The total number of possible sets is \(n! / (k! (n-k)!)\), which is too big to make a brute-force solution feasible. We want an more effective way of picking the indices. If we can somehow sort the two arrays, then we may be able to observe \(k\) elements from left to right in a sliding window manner.

Let’s try sorting \(B\) in non-increasing order. Because the two arrays are connected, we sort \(A\) using the same order. Each value of \(B\) will now be less or equal to the previous one. What’s more, it will be less than the previous \(k - 1\) values. This will be our minimum term for the score.

We will work with a vector of pairs to make sorting easy. This requires an extra \(O(n)\) space, but the overall space complexity is \(O(n)\) anyway for the input arrays. The sort function will sort \(A\) and \(B\) together according to values of \(B\) first. This is because they are the first in each pair. We use rbegin and rend to get a reversed ascending-order output, which is equivalent to a standard descending-order output.

vector<pair<int, int>> pairs(nums1.size());
for (size_t i = 0; i < pairs.size(); i++) {
    pairs[i] = {nums2[i], nums1[i]};
}
std::sort(rbegin(pairs), rend(pairs));

From this point, we treat \(A\) and \(B\) to be sorted as discussed above.

If we scan the arrays from left to right, we could impose a size \(k\) sliding window over \(A\) to keep track of the sum term. But there’s a catch! Say we’re at index \(i\). It’s possible that there’s an element \(A_j\) at index \(j < i\) that greatly contributes to the score, but is not within the window \((j \leq i - k)\). The corresponding index \(j\) could still be in the solution set \(S\) and the minimum term would not change, as \(B_j\) cannot be less than \(B_i\).

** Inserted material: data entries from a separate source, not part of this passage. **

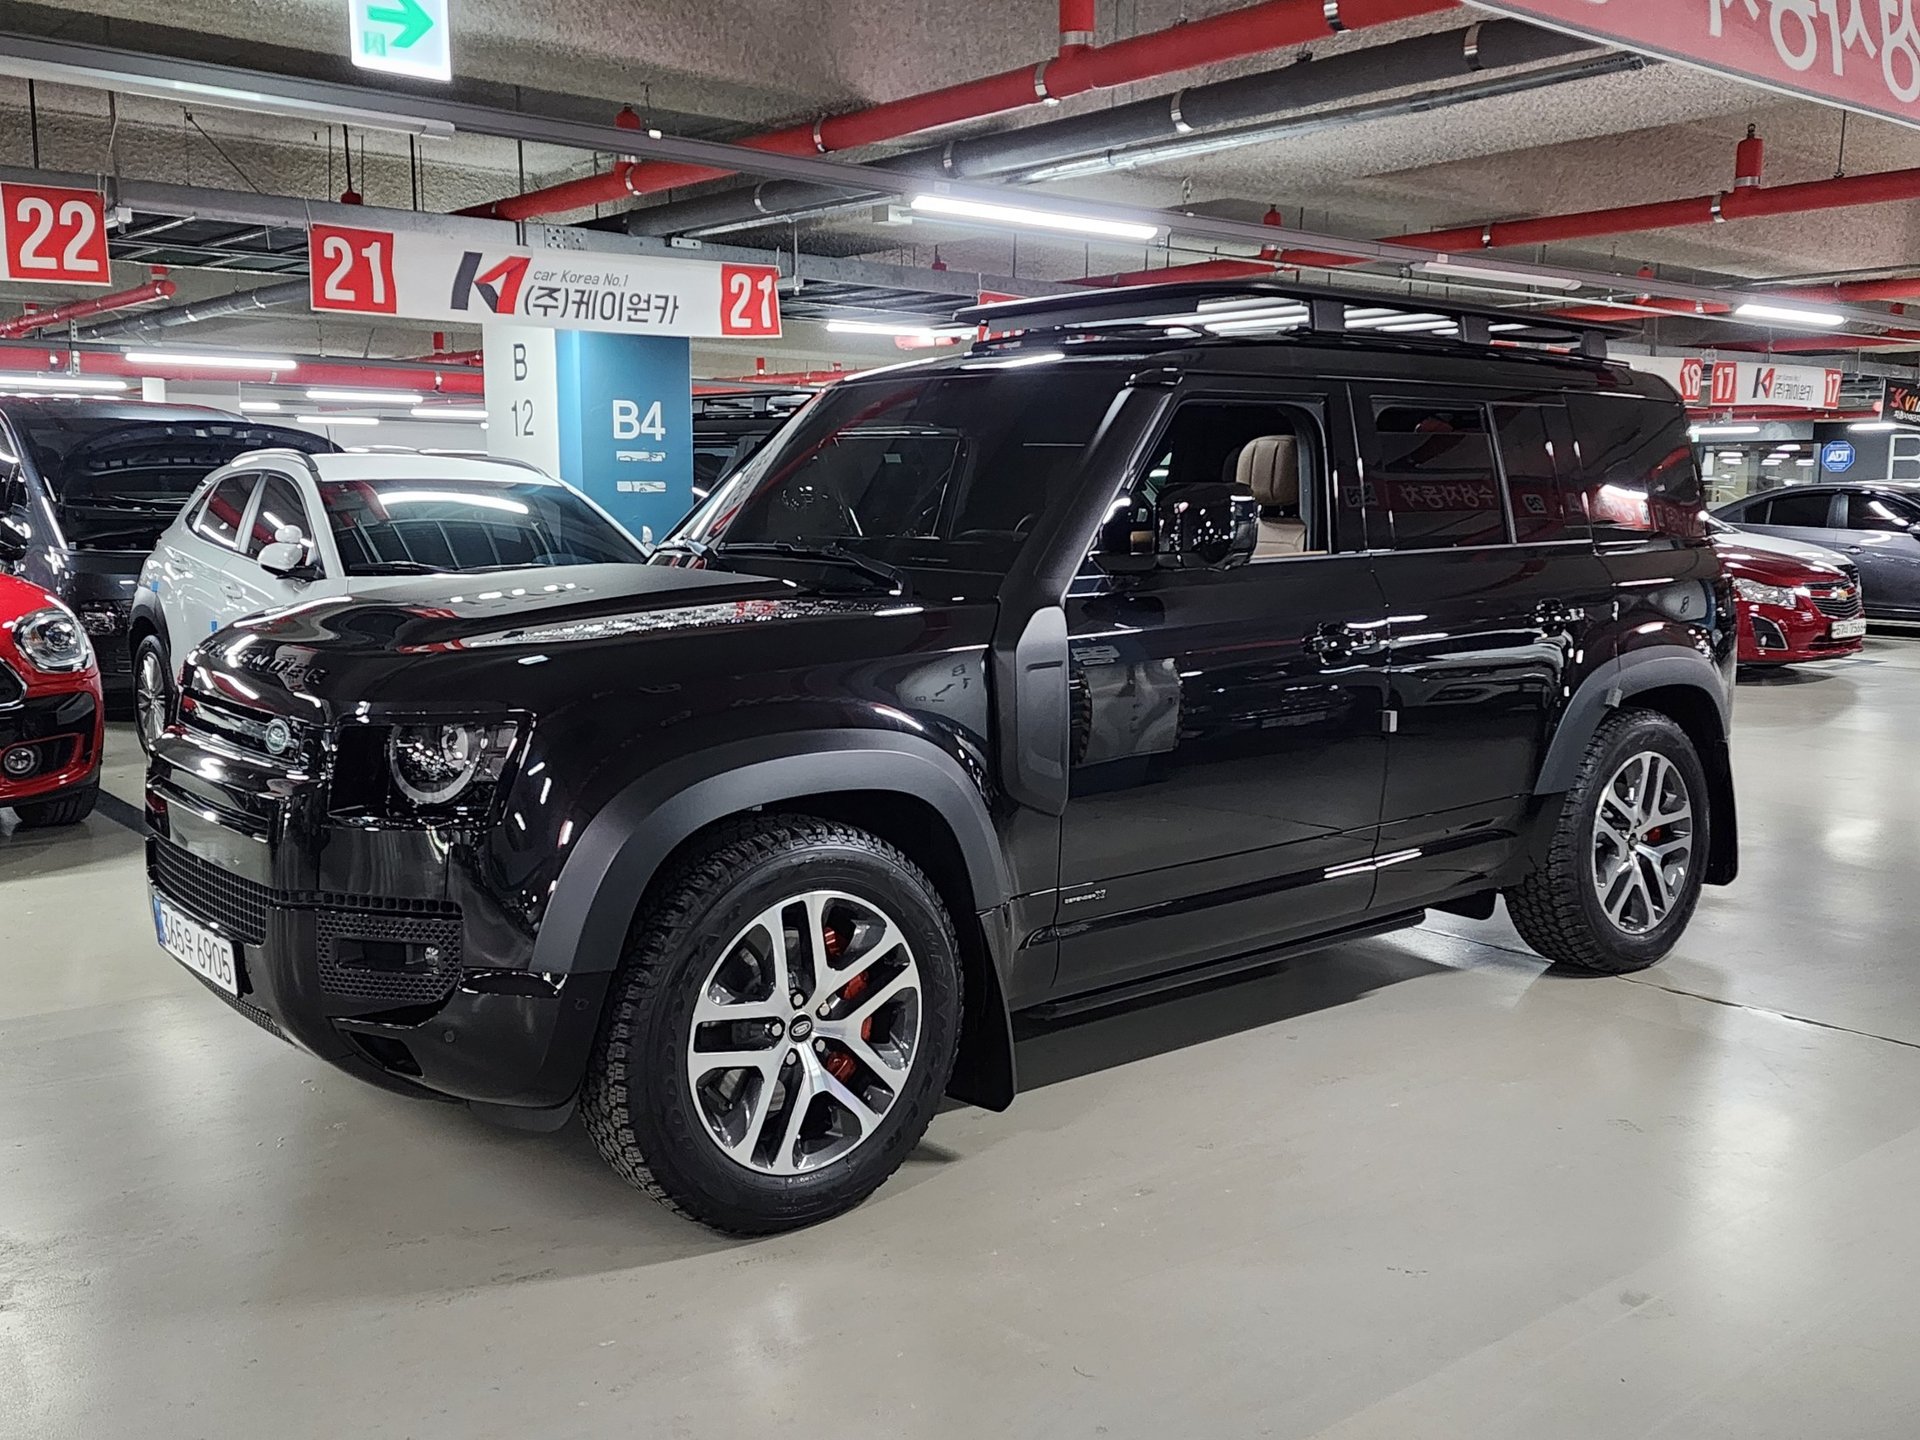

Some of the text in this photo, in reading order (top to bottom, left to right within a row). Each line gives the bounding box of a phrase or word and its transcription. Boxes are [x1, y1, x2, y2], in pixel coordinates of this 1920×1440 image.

[17, 197, 99, 272] 22
[323, 236, 385, 304] 21
[533, 270, 629, 288] car Korea No.1
[524, 284, 679, 324] (주)케이원카
[730, 273, 772, 328] 21
[513, 343, 528, 381] B
[1683, 363, 1702, 396] 18
[1716, 367, 1735, 399] 17
[1826, 373, 1840, 403] 17
[511, 399, 534, 437] 12
[612, 399, 666, 441] B4
[1825, 450, 1850, 462] ADT
[197, 932, 232, 985] 6905

Instead of a sliding window, we can keep a priority queue of size \(k\). The first element is the smallest element of \(A\) up to \(i\) – the current index. As we loop through the sorted array, we fill the priority queue until it’s too large, at which point we pop the smallest element. This effectively defines \(S\) as indices between \(0\) and \(i\), with \(i\) always being included. At the same time, \(B_i\) is always the minimum term for the score computation. We keep track of the current sum term value, making sure to subtract values that we pop from the priority queue.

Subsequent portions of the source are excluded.